Now, let's see what happens if we roll the dice again. What we're going to do is start with a vector of the size we need called z, that is filled with zeroes. (It has a length of 50,000). We need to initialize it because we will be updating at each round. We roll the dice six times and plot the results at each stage.

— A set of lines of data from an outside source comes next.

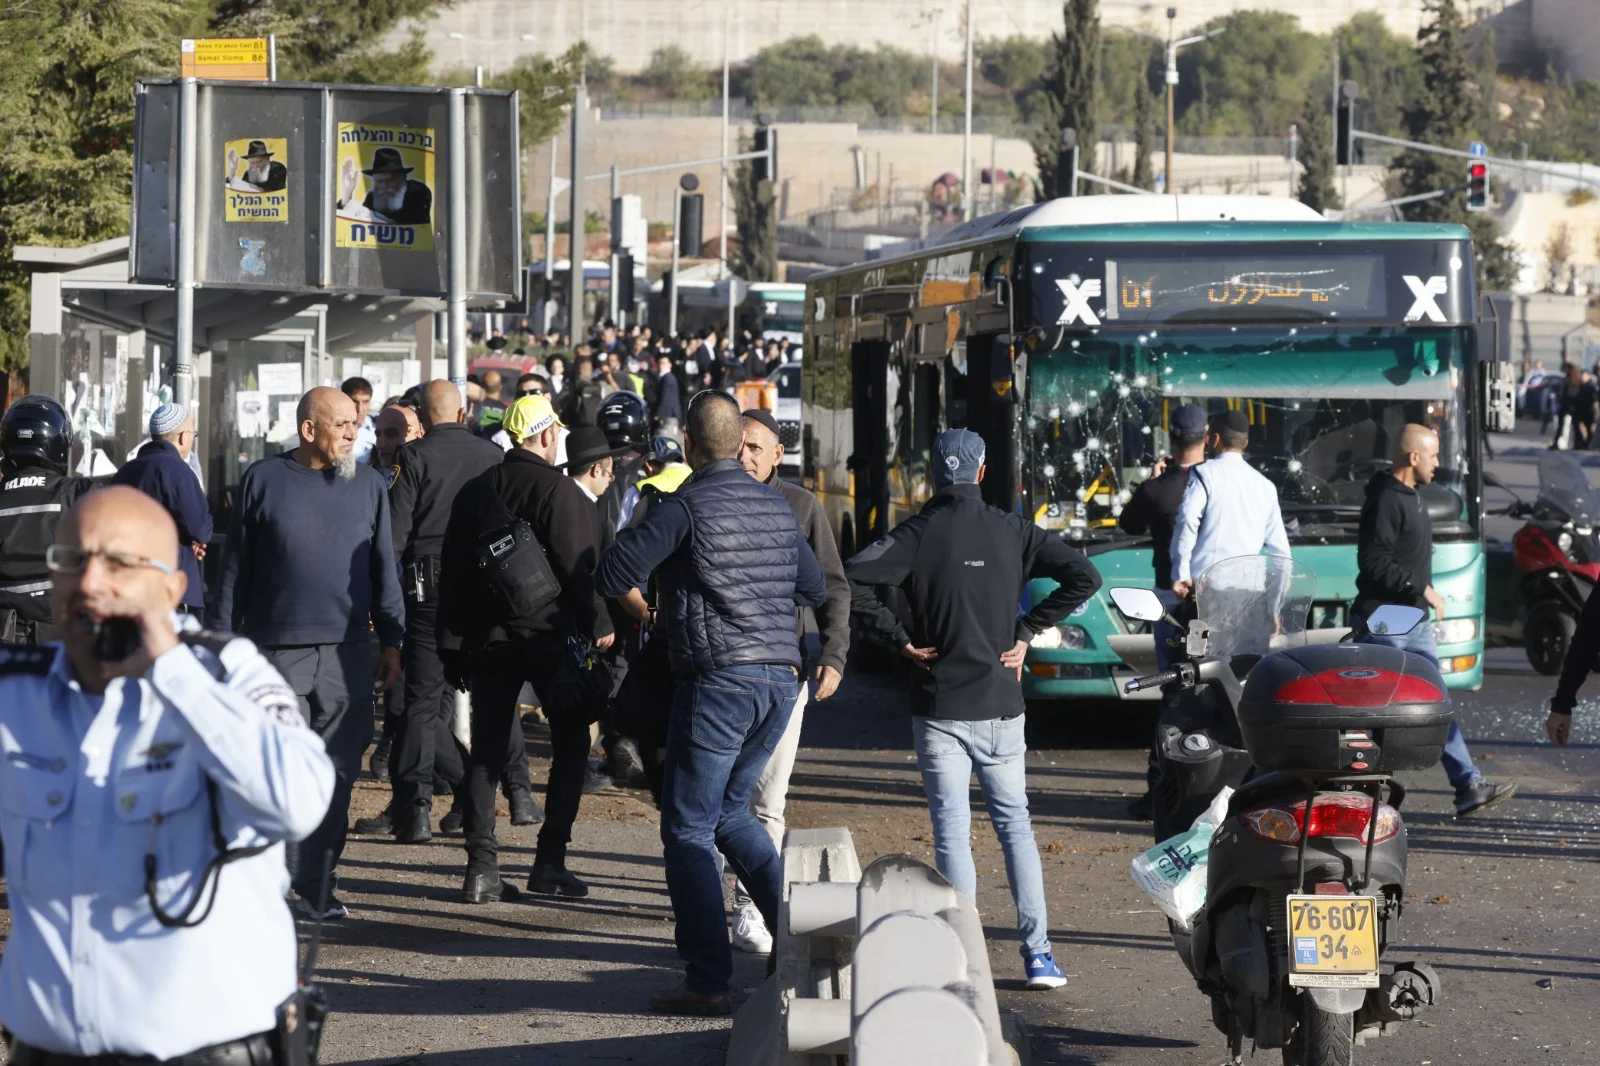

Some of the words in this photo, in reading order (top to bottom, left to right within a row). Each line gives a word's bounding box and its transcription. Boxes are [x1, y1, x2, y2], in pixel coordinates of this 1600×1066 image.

[253, 41, 263, 49] 81
[252, 54, 264, 62] 86
[341, 126, 393, 143] והצלחה
[398, 131, 433, 148] ברכה
[229, 194, 262, 208] המלך
[266, 196, 285, 205] יחי
[237, 208, 279, 217] המשיח
[351, 224, 415, 245] משיח
[1293, 905, 1369, 931] 76-607
[1320, 934, 1348, 959] 34
[1303, 950, 1311, 958] IL

As you can see, we already have a reasonable approximation to the normal after summing just two numbers drawn at random from the "sample space" of 1, 2... , 6. And by n=6 the approximation is very good. Since the standard deviation goes as √variance, and the variances add, by n=6 we have a range of 31 (from 6 to 36) but the sd is only √(6*2.91) = 4.18 (4.19 in the figure).

Here is the code:

 `d = 1:6par(mfrow=c(3,2))z = rep(0,50000)for (i in 1:6) { B = i*6 z = z + sample(d,50000,replace=T) w = z+0.5 hist(w,breaks=B, xlim=c(min(w)-2,max(w)+2), col='gray90',freq=F, main=paste('sd = ', round(sd(w),2),sep=""), xlab=paste('round',i)) plot(function(x) dnorm(x,mean(w),sd(w)), 0,max(w),lwd=2,add=T,col='red') }`

I found the code for the function that plots the normal distribution with the same mean and sd as our samples somewhere on the web. It is doing something a bit funny. I think it is making an "anonymous" (i.e. unnamed) function to feed to plot, and then applying that function with bounds = 0 and max(w), but I'm not real clear about how this works. The parameter lwd is for line width.

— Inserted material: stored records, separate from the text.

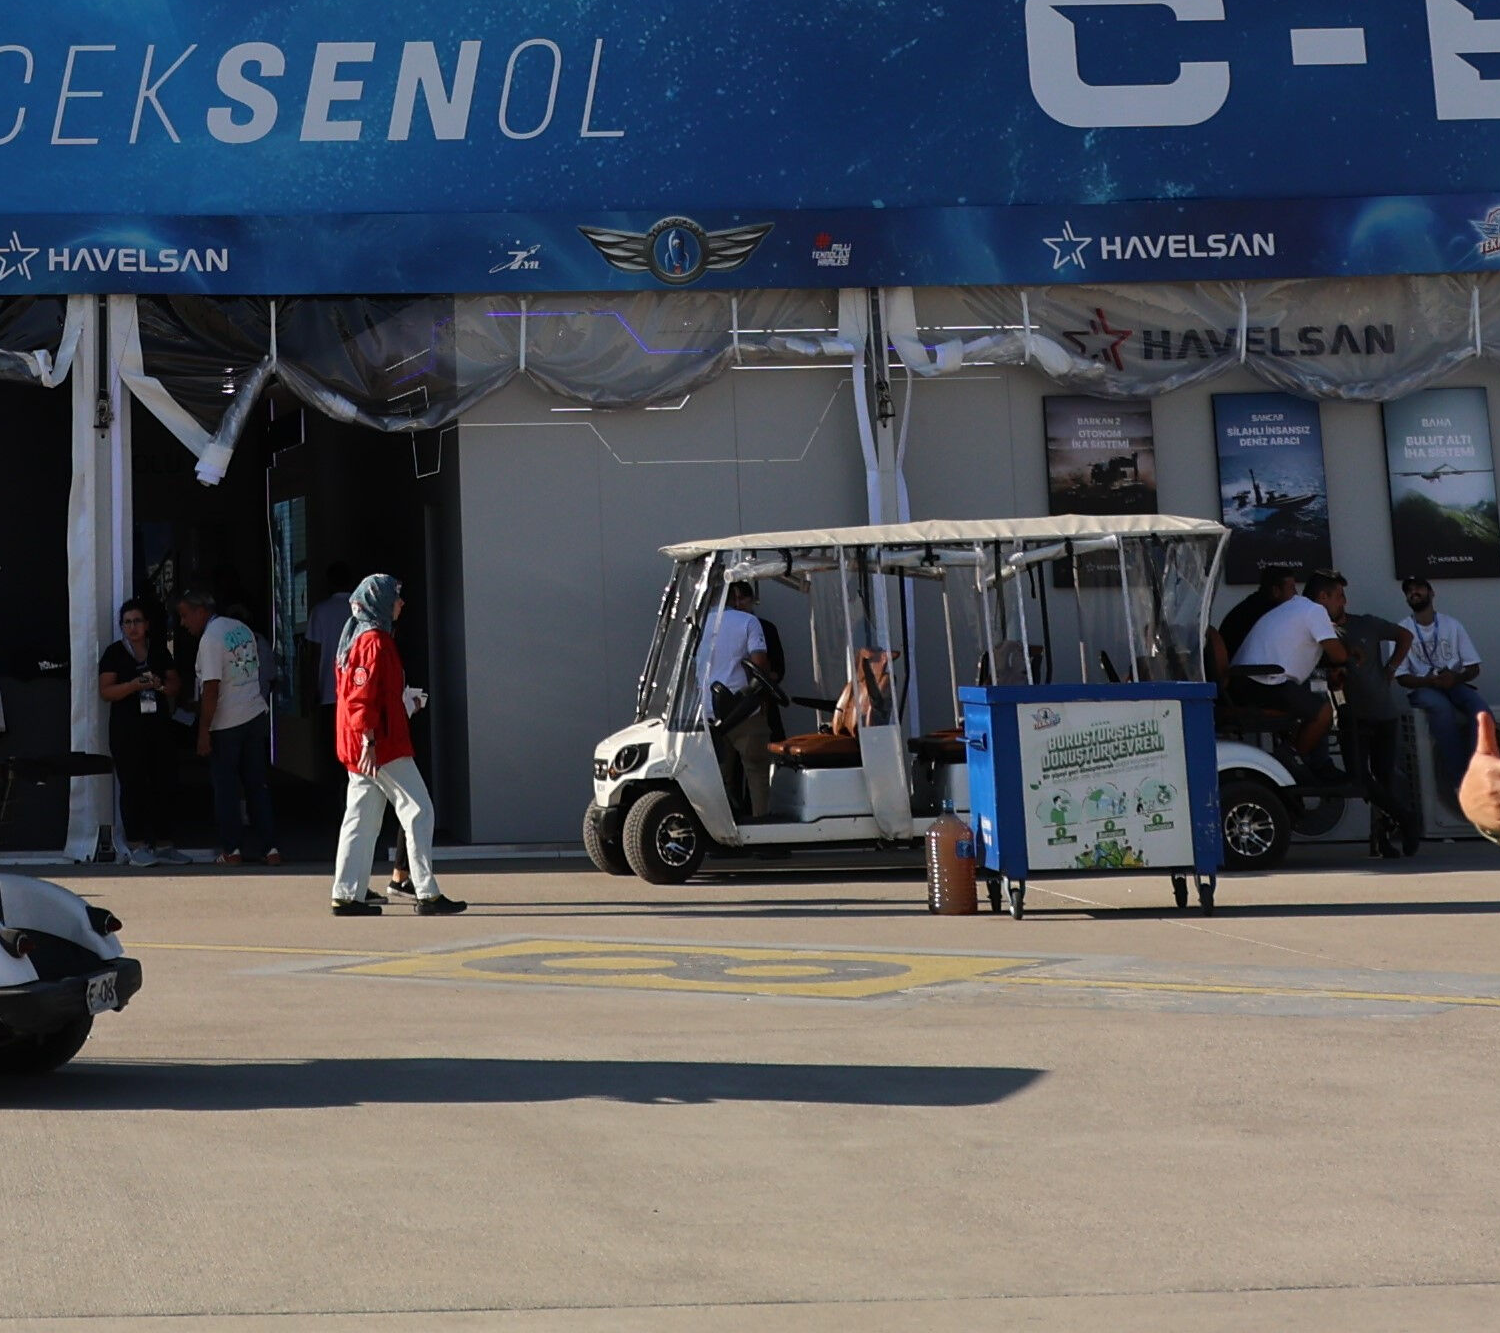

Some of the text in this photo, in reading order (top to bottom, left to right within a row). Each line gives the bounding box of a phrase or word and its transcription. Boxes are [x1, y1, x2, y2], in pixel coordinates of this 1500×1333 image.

[1100, 233, 1275, 260] HAVELSAN
[48, 247, 228, 272] HAVELSAN
[1142, 322, 1396, 361] HAVELSAN
[1421, 418, 1452, 427] BAHA
[1405, 436, 1444, 445] BULUT

Finally, let's look a little more closely at the z vector after 6 rounds. We plot it in the same histogram as the normal density of the same mean and sd, switching which one is in back as we move from the left panel to the right.

The code:

 `mean(z)sd(z)summary(z)x=rnorm(length(z),mean(z),sd(z))summary(x)par(mfrow=c(1,2))hist(z,breaks=40,freq=F, xlim=c(0,40))hist(x,col='gray80',breaks=40, freq=F,add=T)hist(x,col='gray80',breaks=40, freq=F,xlim=c(0,40))hist(z,col='white', breaks=40,freq=F,add=T)`

Notice, however, that the correspondence is not perfect, as shown by the results of calling the summary function.

 `> mean(z)[1] 21.00562> sd(z)[1] 4.155018> summary(z) Min. 1st Qu. Median Mean 3rd Qu. Max. 7.00 18.00 21.00 21.01 24.00 36.00 > x=rnorm(length(z),mean(z),sd(z))> summary(x) Min. 1st Qu. Median Mean 3rd Qu. Max. 3.297 18.210 20.980 20.990 23.780 38.350`

Our vector z seems a little fatter at the first and third quartiles and yet its minimum and maximum values are closer to the mean than the true normal distribution.